Telemetry API¶
The weevr.telemetry module provides structured logging, execution span
tracking, and progress reporting. Telemetry settings cascade through the
loom/weave/thread hierarchy via ExecutionConfig.
weevr.telemetry
¶
weevr telemetry — structured observability for execution pipelines.
__all__ = ['ExecutionSpan', 'SpanEvent', 'SpanStatus', 'generate_trace_id', 'generate_span_id', 'SpanCollector', 'SpanBuilder', 'LogEvent', 'create_log_event', 'LogLevel', 'StructuredJsonFormatter', 'configure_logging', 'ValidationResult', 'AssertionResult', 'ThreadTelemetry', 'WeaveTelemetry', 'LoomTelemetry', 'ThreadTrace', 'WeaveTrace', 'LoomTrace']
module-attribute
¶
SpanBuilder
¶
Mutable builder for constructing an ExecutionSpan incrementally.

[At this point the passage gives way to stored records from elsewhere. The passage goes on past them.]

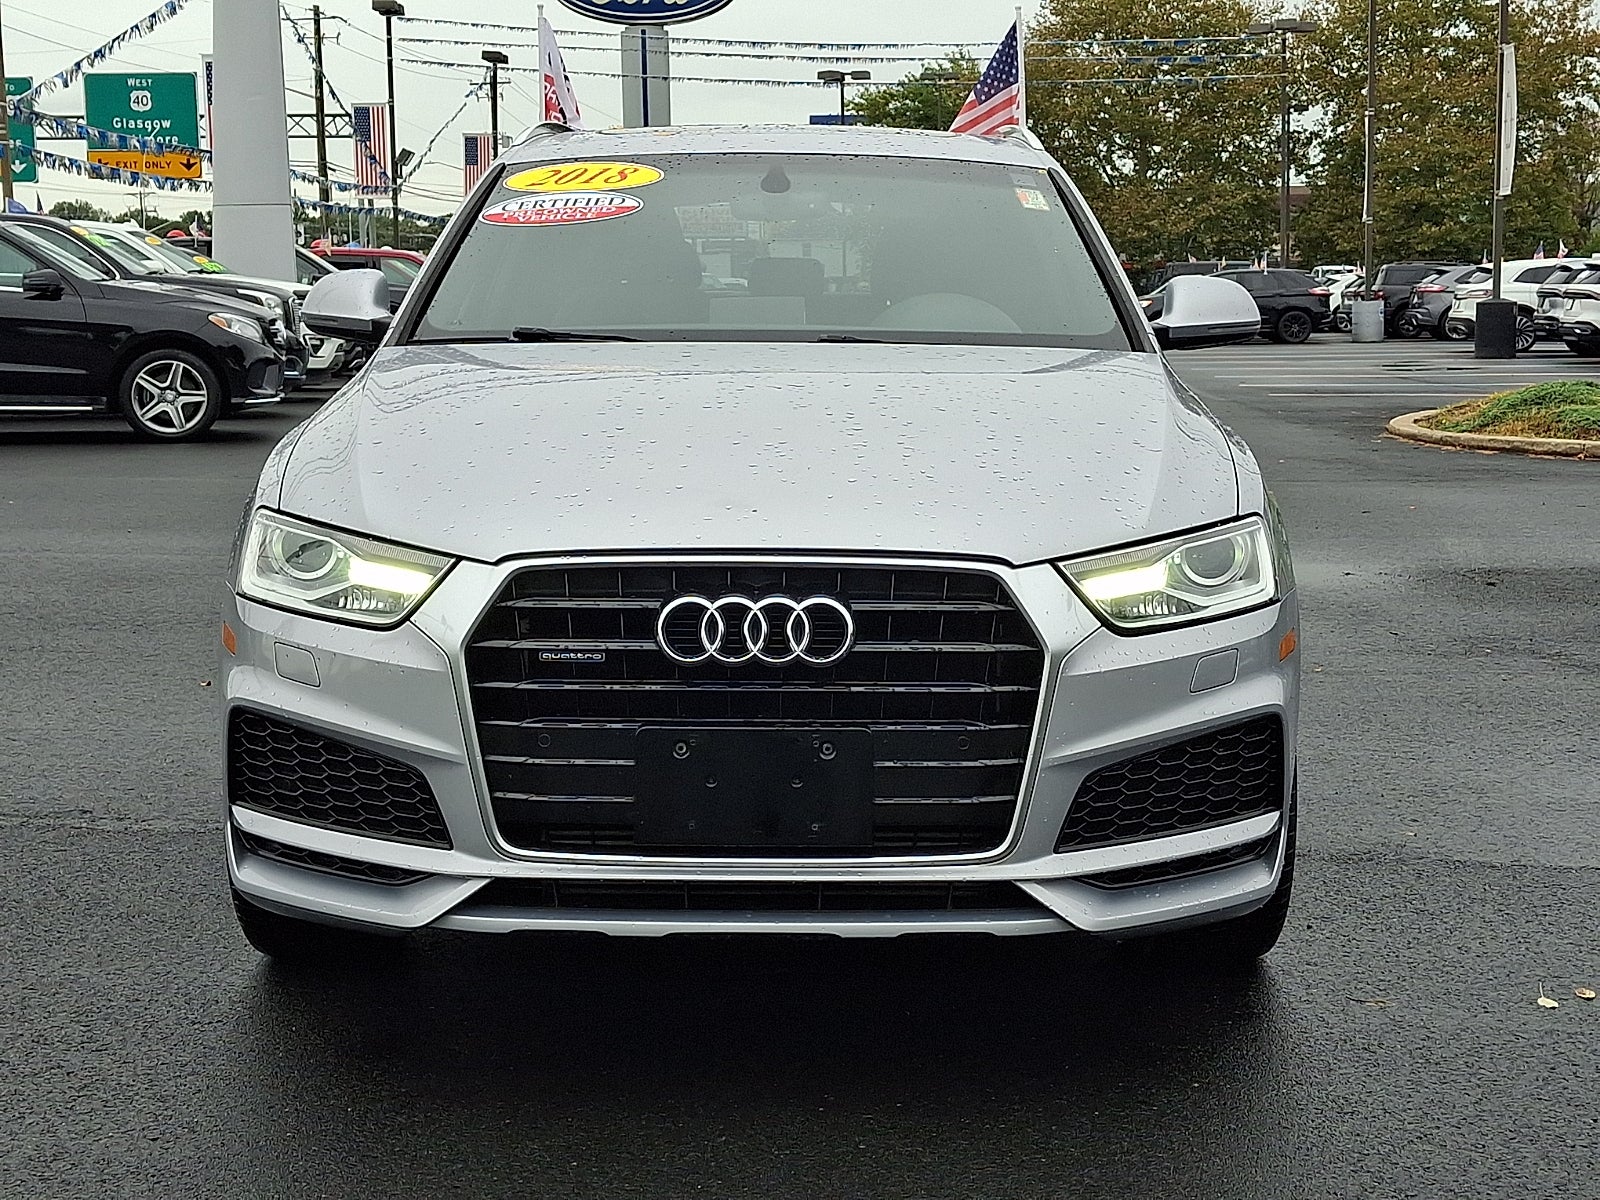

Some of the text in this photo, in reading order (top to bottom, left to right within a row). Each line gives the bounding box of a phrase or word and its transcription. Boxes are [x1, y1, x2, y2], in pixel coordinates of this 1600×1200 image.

[127, 78, 153, 87] WEST
[132, 95, 149, 107] 40
[113, 117, 171, 132] Glasgow
[116, 160, 171, 169] EXIT ONLY
[525, 168, 640, 187] 2018
[502, 197, 626, 212] CERTIFIED
[502, 205, 618, 219] PRE-OWNED
[518, 211, 598, 223] VEHICLE
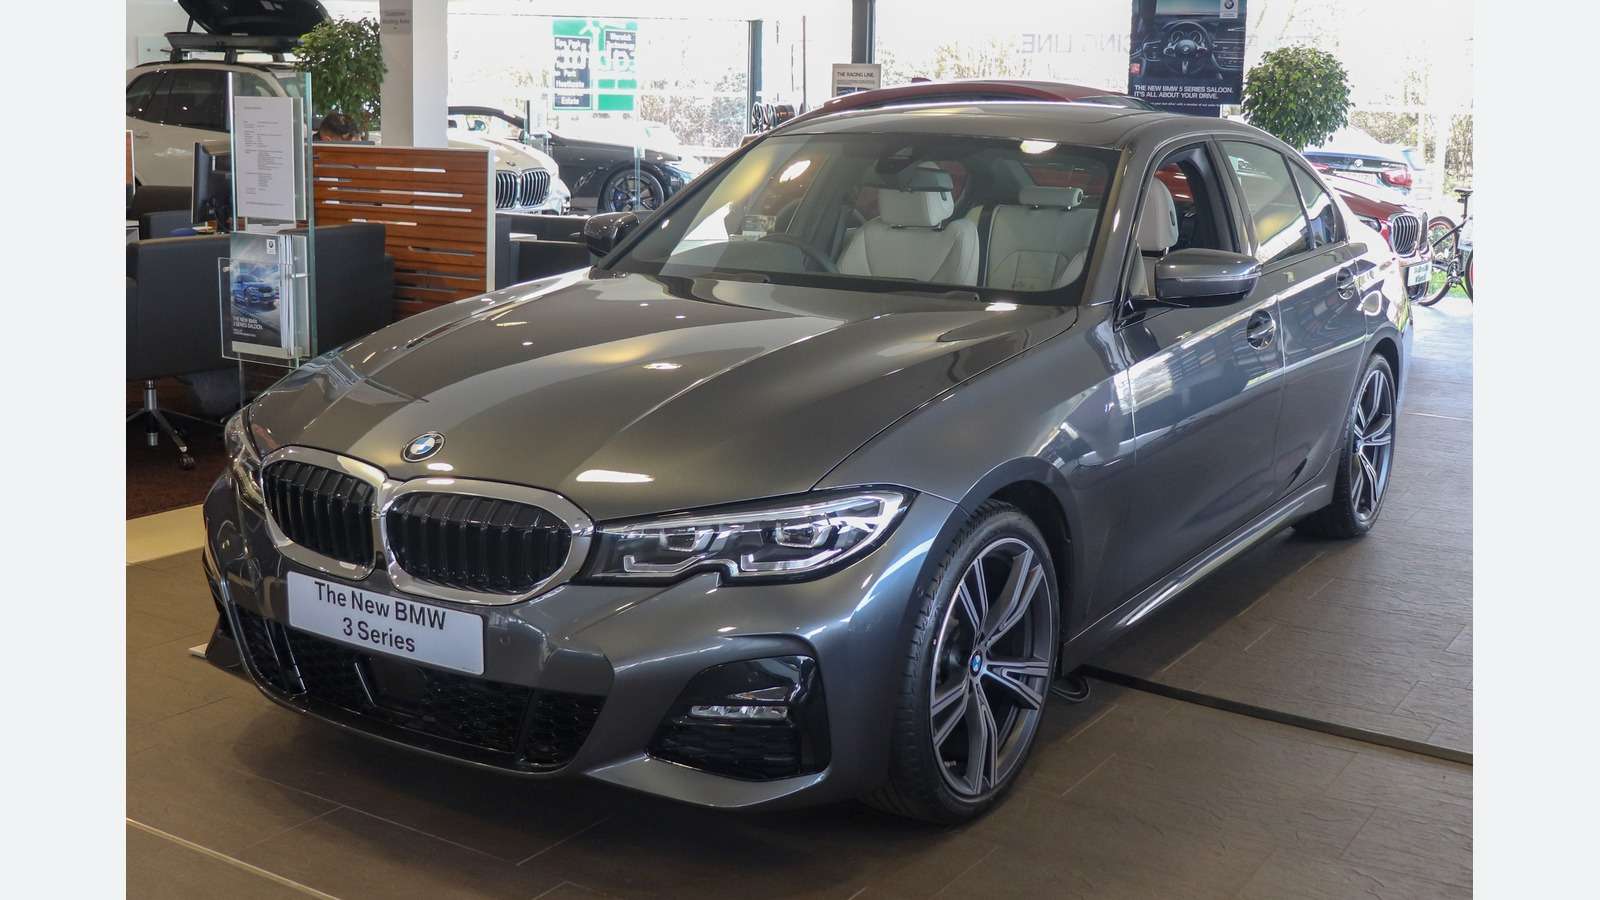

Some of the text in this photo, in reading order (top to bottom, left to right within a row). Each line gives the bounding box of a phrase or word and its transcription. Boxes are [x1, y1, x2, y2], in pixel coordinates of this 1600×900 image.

[314, 580, 447, 631] The New BMW
[342, 616, 416, 653] 3 Series
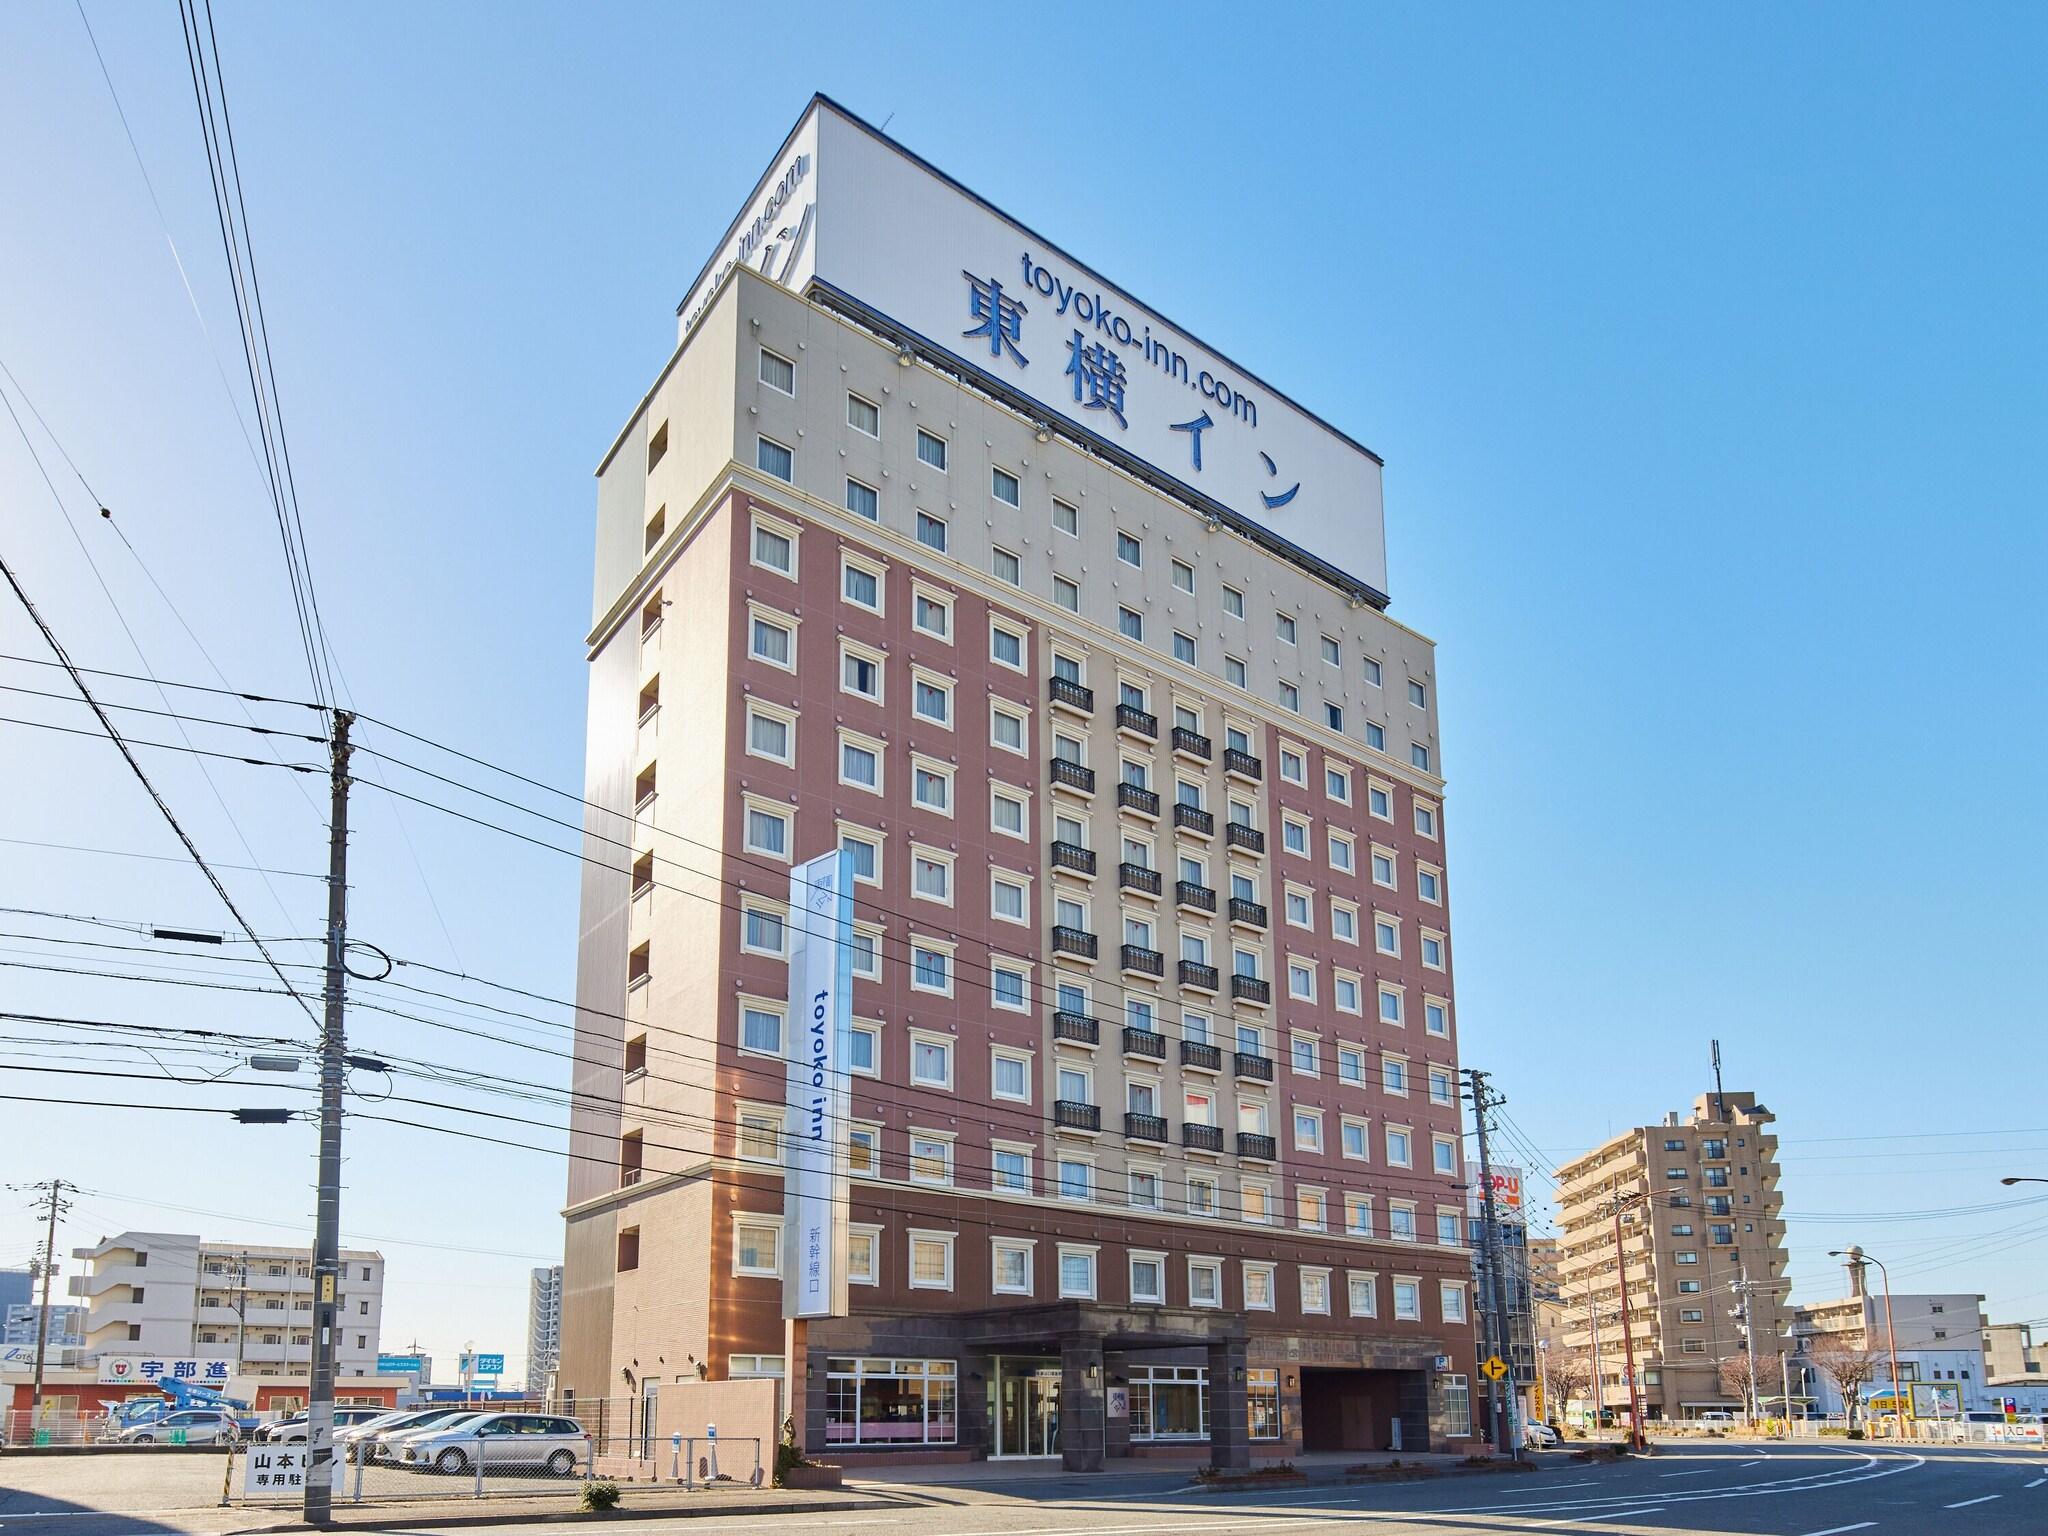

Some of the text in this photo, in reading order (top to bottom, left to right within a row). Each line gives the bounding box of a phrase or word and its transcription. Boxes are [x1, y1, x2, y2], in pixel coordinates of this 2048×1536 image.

[1022, 251, 1257, 428] toyoko-inn.com
[961, 269, 1300, 509] 東横イン
[811, 990, 829, 1141] toyoko inn
[809, 1226, 821, 1293] 新幹線口
[1439, 1357, 1445, 1366] P
[2006, 1398, 2014, 1406] P
[2007, 1426, 2024, 1435] 入口
[254, 1453, 338, 1469] 山本
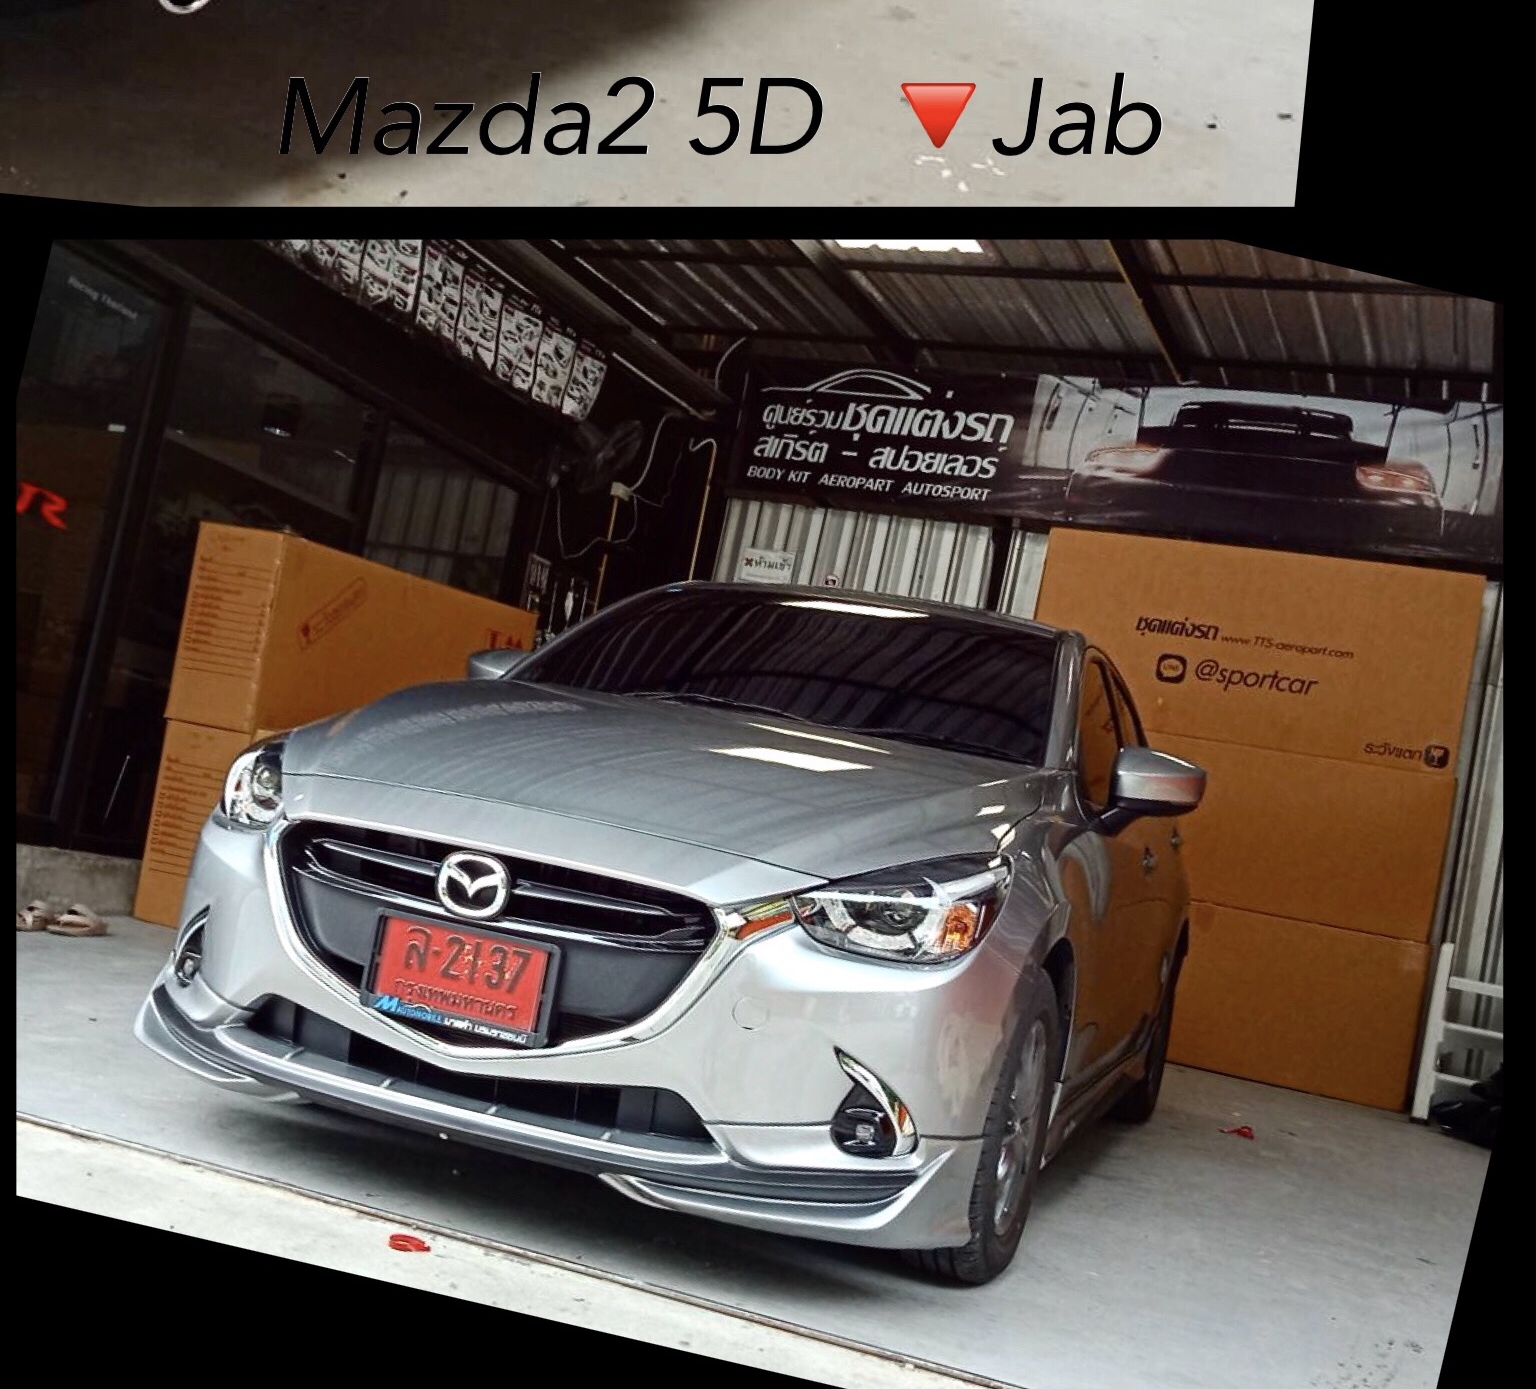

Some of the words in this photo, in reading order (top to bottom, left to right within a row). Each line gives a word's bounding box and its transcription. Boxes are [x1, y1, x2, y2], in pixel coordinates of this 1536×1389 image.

Created by :meth:SpanCollector.start_span. Accumulate attributes and
events during execution, then call :meth:finish to produce an immutable
:class:ExecutionSpan.
span_id
property
¶
The pre-assigned span ID for this builder.
trace_id
property
¶
The trace ID this span belongs to.
__init__(trace_id, span_id, name, parent_span_id)
¶
Initialize a span builder with identity and parent linkage.
set_attribute(key, value)
¶
Set a key-value attribute on the span.
add_event(name, attributes=None)
¶
Add a timestamped event to the span.
finish(status=SpanStatus.OK)
¶
Finalize the span and return an immutable ExecutionSpan.
Parameters:
| Name | Type | Description | Default |
|---|---|---|---|
status
|
SpanStatus
|
Final status of the span. |
OK
|
Returns:
| Type | Description |
|---|---|
ExecutionSpan
|
Immutable ExecutionSpan with all accumulated attributes and events. |
Raises:
| Type | Description |
|---|---|
RuntimeError
|
If finish() has already been called on this builder. |
SpanCollector
¶
Mutable collector that accumulates finished spans during execution.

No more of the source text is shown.